I recently returned to a company I used to work for more than three years ago. I was employed there for about four years. As I was finishing my day and went to collect my belongings from the office, I realised I no longer knew the combination to open the door. I closed my eyes, cleared my mind and allowed my hands to do the rest. To my surprise, the door swung open. What significance does this simple event hold? And what implications does it have on our understanding of memory and connection to ourselves and our environment?

Nowadays, we are innundated with recommendations on how to be greener consumers and citizens, which make us imagine there’s an ideal way of living. However, many of us feel continually guilty because we think that we could do more, as our reality often appears rather different from what we had hoped. If only we …., if only we just… if only we considered… and, if… It’s an irony, too, that the people I meet who are most engaged with environmental issues seem to feel the most amount of despair and hopelessness.

What we’re inadvertently doing with that is to encourage a dis-connect, using what empathy researcher Karla McLaren calls ‘othering’. We ‘other’ the reality we face, through sadness, cynicism or despair, as a way of disconnecting from it and staying loyal to some intangible virtual reality – our hopes, vision and dreams about the future.

How do we hold what we know about cleaner, greener living and our responsibilities as ethical consumers, the many criticisms about the Western lifestyle’s relentless indulgence, greed and selfishness alongside our own sanity?
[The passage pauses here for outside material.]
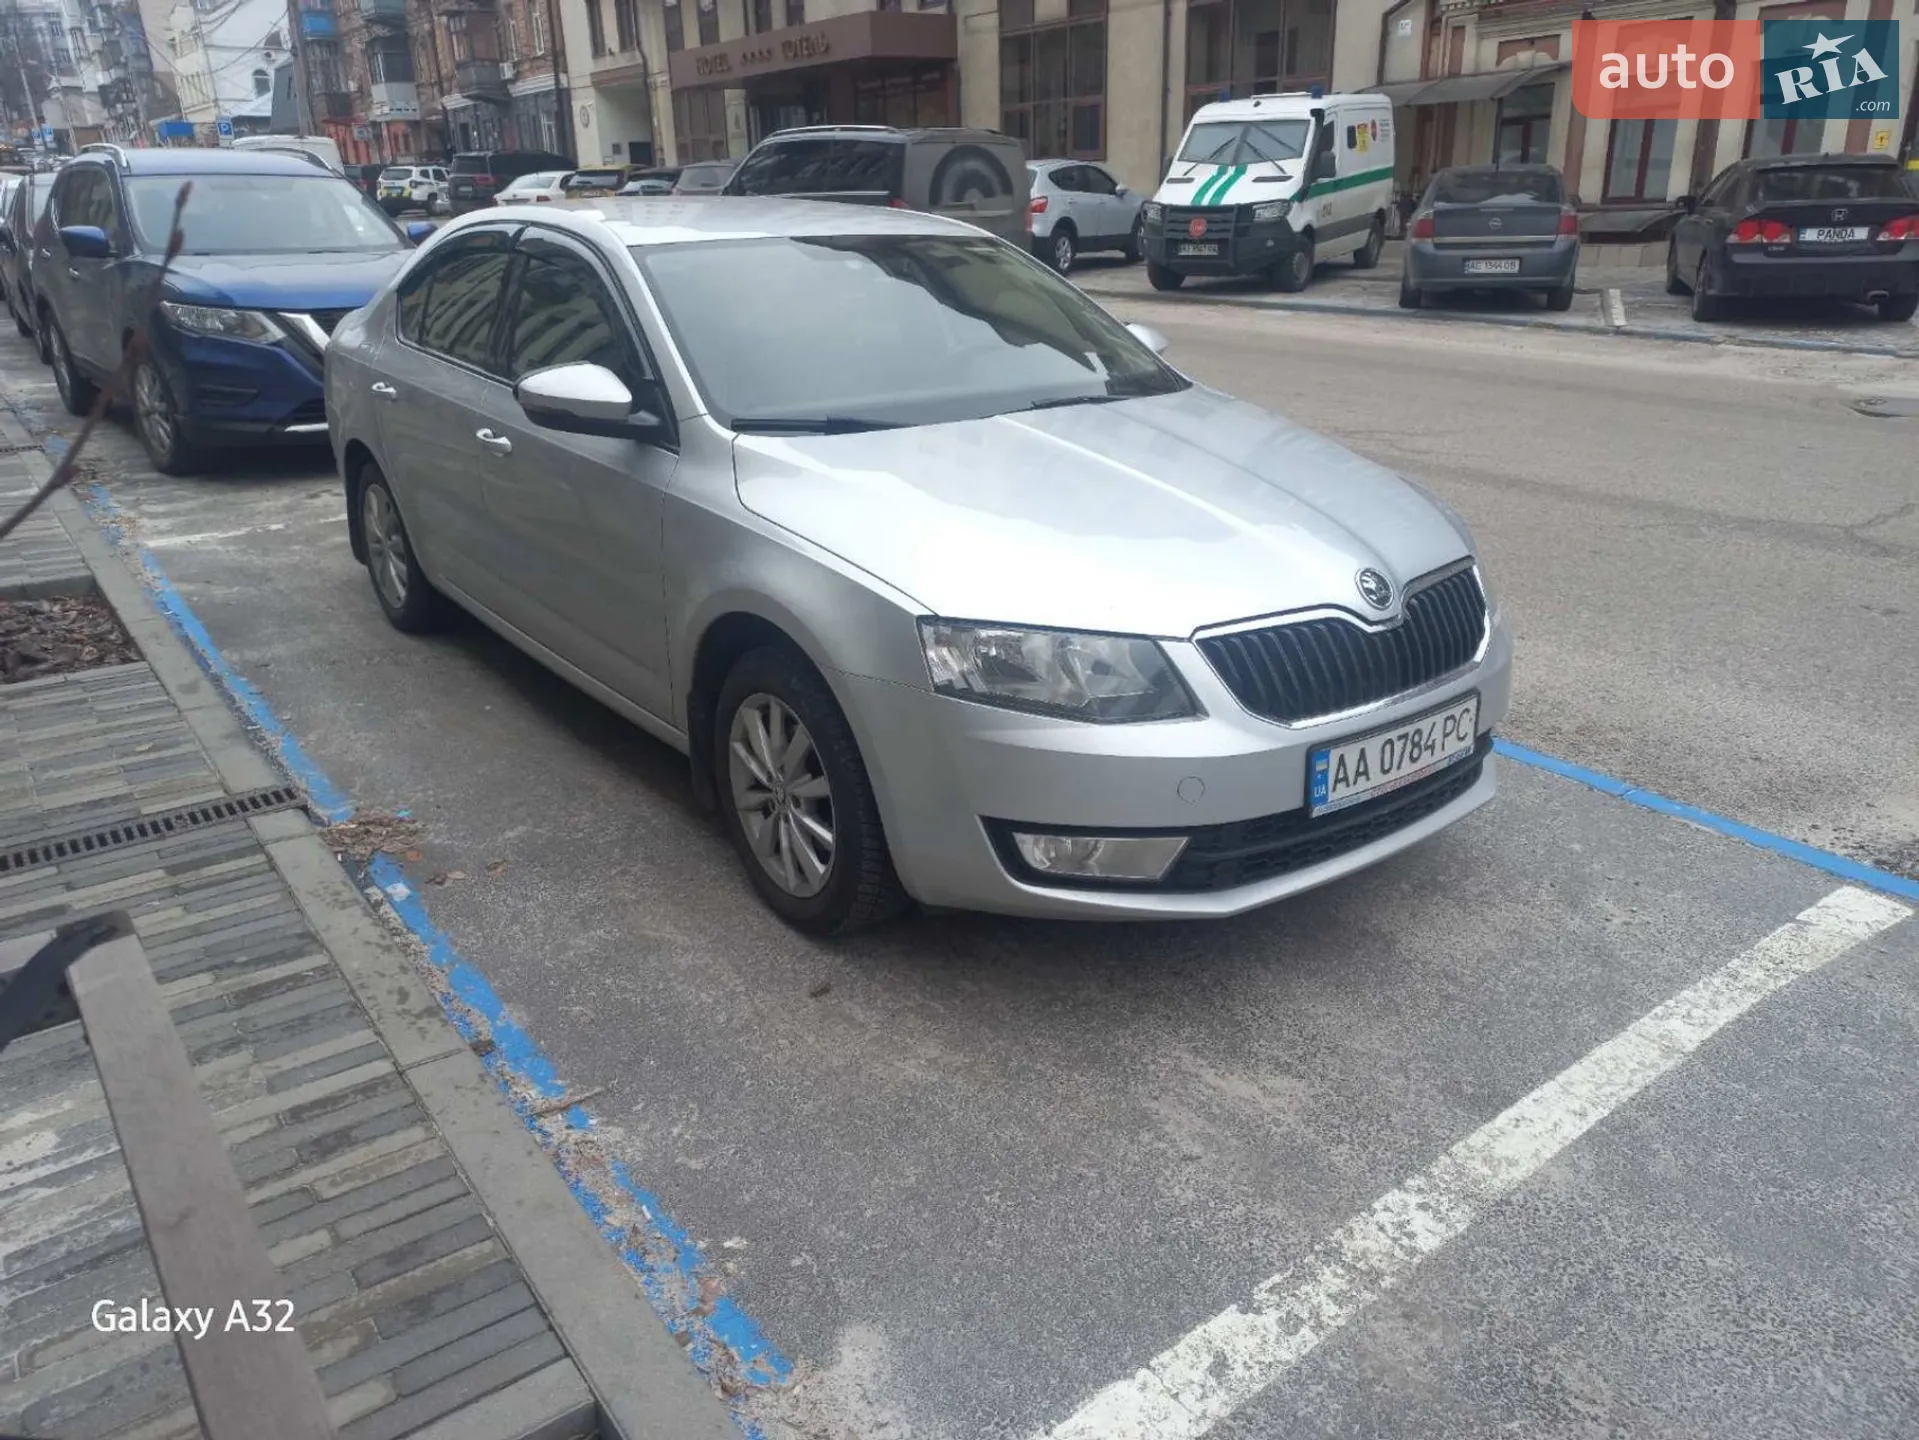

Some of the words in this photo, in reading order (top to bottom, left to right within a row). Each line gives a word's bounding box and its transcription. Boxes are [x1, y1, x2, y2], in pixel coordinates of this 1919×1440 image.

One answer is to draw on the body, rather than the mind, to hold and manage these tensions and contradictions. To ‘get bodied’ and realise the world we imagine, dream and wish for is just an abstract thought; much less real than what’s right in front of us.

What modern society has placed less importance on, is that which enable us the most to connect to ourselves and our environment – emotional and physical literacy. Having experienced community life, I learnt that patience is one muscle that isn’t anywhere near as flexed as it could be in our regular everyday lives. Empathy takes complex levels of understanding and more than anything, it takes stillness, reflection and the time many of us complain we lack. Even the pursuit of intellectual ideals, it seems, is caught up in our beliefs around productivity and efficiency. But like any exercise, creating healthy habits takes daily practice.
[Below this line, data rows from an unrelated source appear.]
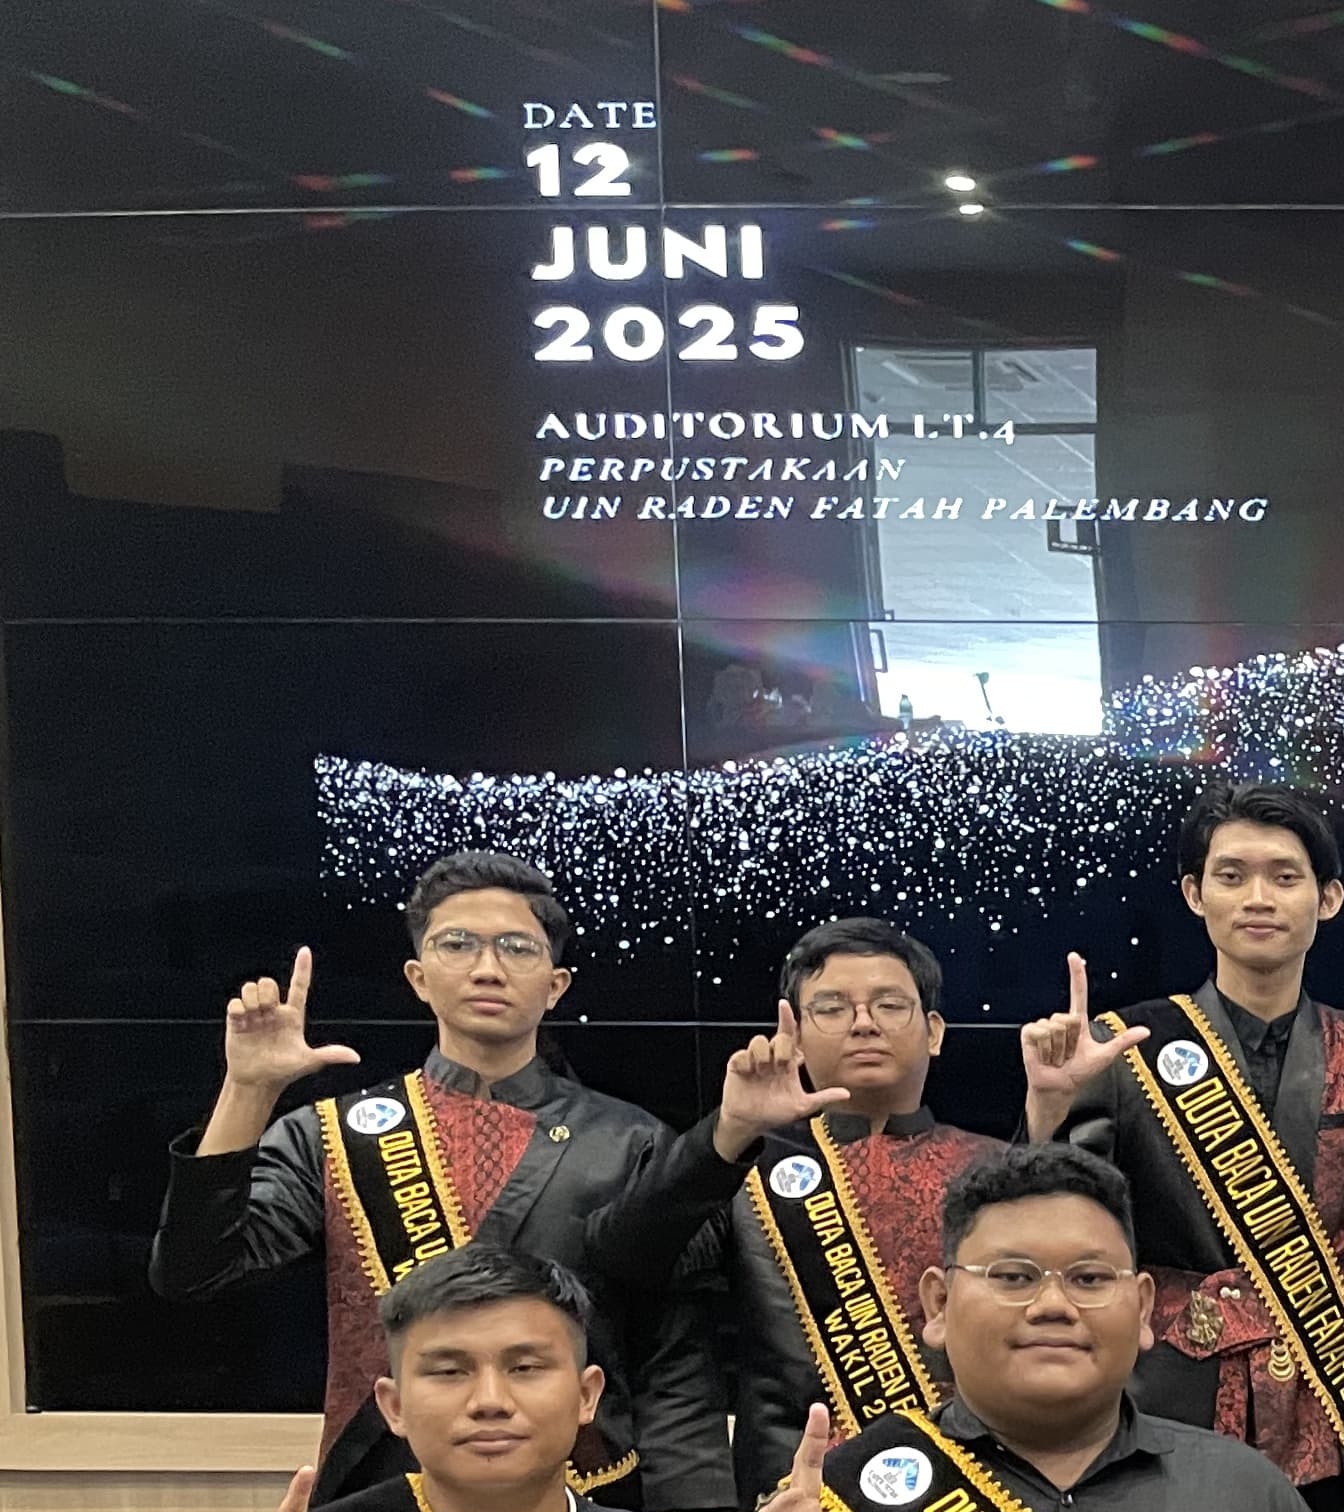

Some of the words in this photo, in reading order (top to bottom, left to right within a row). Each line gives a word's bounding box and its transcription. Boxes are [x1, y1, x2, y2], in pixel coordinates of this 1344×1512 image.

[523, 102, 657, 129] DATE
[526, 141, 632, 197] 12
[531, 225, 764, 281] JUNI
[533, 304, 805, 362] 2025
[535, 412, 890, 441] AUDITORIUM
[538, 457, 907, 482] PERPUSTAKAAN
[542, 495, 622, 520] UIN
[637, 495, 795, 520] RADEN
[809, 496, 964, 520] FATAH
[980, 497, 1269, 522] PALEMBANG
[1174, 1075, 1243, 1154] DUTA
[378, 1130, 412, 1186] DUTA
[397, 1182, 441, 1243] BACA
[1210, 1137, 1272, 1216] BACA
[804, 1190, 843, 1246] DUTA
[1242, 1194, 1300, 1250] UIN
[825, 1242, 866, 1298] BACA
[1264, 1232, 1332, 1320] RADEN
[844, 1292, 883, 1330] UIN
[823, 1307, 871, 1398] WAKIL
[863, 1399, 888, 1420] 2
[858, 1326, 911, 1397] RADEN
The idea of mindfulness – or ‘being present’ – has become increasingly prevalent since yoga and meditative practices have been adopted by the mainstream. But even this practice can fall into the same trap of simply remaining an idea – an intellectual anomaly that hasn’t gained understanding via the body. Stillness in the mind doesn’t necessarily equate stillness in the body, and vice versa. Ask any rock climber or gymnast what, or if, they are thinking during their practice.

The sheer amount of information around us demands that we create the tools to find ways to manage and process this information to the benefit of our well-being. However, caught up in impatience to do the best thing, the right thing, the most up-to-date thing or the smartest, we sometimes forget that the simplicity is to just put one foot in front of the other and accept what’s around us.

The great news is that at every moment, as when we were young children, we have 24 hour access to the simple, animal-like experience of our body. It’s no coincidence the way that a baby or child moves matches the ease with which they process the new world around them. Moving the body helps move the thoughts and accompanying feelings, preventing them, and us, from stagnating. The body is an amazing resource capable of much deeper level of understanding than the intellect alone. If we develop ‘body-ful’ practices regularly that draw us fully into the muscles of our experiences again, rather than just cleverly reacting to them or giving a colder intellectual response, we can find ways to support a model for a slower, more stable way of learning and living and integrate our ‘head’ learning. Besides, most of us find pleasure in movement, whether through active sports, yoga or a good morning stretch so encouraging a healthy dialogue between mind and body creates form to ground us through moments when thinking is abstract and formless.

We’re already seeing changes in the office with walking meetings and there’s probably an Awesome around the corner from you – join the revolution!


With great thanks to ‘Awareness Through Dance’ and Kimberley Pena at movingthroughlife.co.uk

Recommended reading: If You’re So Smart, Why Aren’t You Happy? by Raj Raghunathan

Mark Charlton is a UK-based freelance writer, trained in Forest School Leadership and Movement Facilitation. Stay tuned for his 2016 ‘Get Bodied!’ workshops which combine vocal training, yoga, movement and fitness to encourage a deep connection between body, mind and spirit.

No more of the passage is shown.